*** Opening Information shown ***

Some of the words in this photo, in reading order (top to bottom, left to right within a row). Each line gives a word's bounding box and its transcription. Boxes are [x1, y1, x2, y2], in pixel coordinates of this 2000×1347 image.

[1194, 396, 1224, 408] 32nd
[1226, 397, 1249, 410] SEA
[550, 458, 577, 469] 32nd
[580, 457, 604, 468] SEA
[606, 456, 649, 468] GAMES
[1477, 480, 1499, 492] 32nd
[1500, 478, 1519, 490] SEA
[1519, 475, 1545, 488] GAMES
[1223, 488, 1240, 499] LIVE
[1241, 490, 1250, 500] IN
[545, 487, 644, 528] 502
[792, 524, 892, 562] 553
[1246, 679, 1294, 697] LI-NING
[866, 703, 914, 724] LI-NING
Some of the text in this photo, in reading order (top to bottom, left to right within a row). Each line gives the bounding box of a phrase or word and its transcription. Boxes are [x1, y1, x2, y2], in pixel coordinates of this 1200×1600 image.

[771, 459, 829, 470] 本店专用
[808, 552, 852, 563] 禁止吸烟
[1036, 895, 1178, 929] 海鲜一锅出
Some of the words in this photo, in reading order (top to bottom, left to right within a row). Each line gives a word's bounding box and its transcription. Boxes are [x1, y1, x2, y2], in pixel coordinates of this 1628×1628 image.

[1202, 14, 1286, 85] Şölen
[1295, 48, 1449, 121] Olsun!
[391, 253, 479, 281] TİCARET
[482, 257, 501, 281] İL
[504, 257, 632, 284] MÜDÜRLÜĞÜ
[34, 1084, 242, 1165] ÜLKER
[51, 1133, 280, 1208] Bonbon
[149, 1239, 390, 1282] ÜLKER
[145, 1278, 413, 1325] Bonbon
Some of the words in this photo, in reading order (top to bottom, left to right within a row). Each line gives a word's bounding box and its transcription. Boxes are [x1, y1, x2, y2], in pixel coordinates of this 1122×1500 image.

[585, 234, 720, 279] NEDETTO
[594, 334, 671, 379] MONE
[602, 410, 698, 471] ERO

*** Closing Information shown ***

> **Assignment**: Each entry above must be repeated word for word.

> **Solution below**:
Some of the words in this photo, in reading order (top to bottom, left to right within a row). Each line gives a word's bounding box and its transcription. Boxes are [x1, y1, x2, y2], in pixel coordinates of this 2000×1347 image.

[1194, 396, 1224, 408] 32nd
[1226, 397, 1249, 410] SEA
[550, 458, 577, 469] 32nd
[580, 457, 604, 468] SEA
[606, 456, 649, 468] GAMES
[1477, 480, 1499, 492] 32nd
[1500, 478, 1519, 490] SEA
[1519, 475, 1545, 488] GAMES
[1223, 488, 1240, 499] LIVE
[1241, 490, 1250, 500] IN
[545, 487, 644, 528] 502
[792, 524, 892, 562] 553
[1246, 679, 1294, 697] LI-NING
[866, 703, 914, 724] LI-NING
Some of the text in this photo, in reading order (top to bottom, left to right within a row). Each line gives the bounding box of a phrase or word and its transcription. Boxes are [x1, y1, x2, y2], in pixel coordinates of this 1200×1600 image.

[771, 459, 829, 470] 本店专用
[808, 552, 852, 563] 禁止吸烟
[1036, 895, 1178, 929] 海鲜一锅出
Some of the words in this photo, in reading order (top to bottom, left to right within a row). Each line gives a word's bounding box and its transcription. Boxes are [x1, y1, x2, y2], in pixel coordinates of this 1628×1628 image.

[1202, 14, 1286, 85] Şölen
[1295, 48, 1449, 121] Olsun!
[391, 253, 479, 281] TİCARET
[482, 257, 501, 281] İL
[504, 257, 632, 284] MÜDÜRLÜĞÜ
[34, 1084, 242, 1165] ÜLKER
[51, 1133, 280, 1208] Bonbon
[149, 1239, 390, 1282] ÜLKER
[145, 1278, 413, 1325] Bonbon
Some of the words in this photo, in reading order (top to bottom, left to right within a row). Each line gives a word's bounding box and its transcription. Boxes are [x1, y1, x2, y2], in pixel coordinates of this 1122×1500 image.

[585, 234, 720, 279] NEDETTO
[594, 334, 671, 379] MONE
[602, 410, 698, 471] ERO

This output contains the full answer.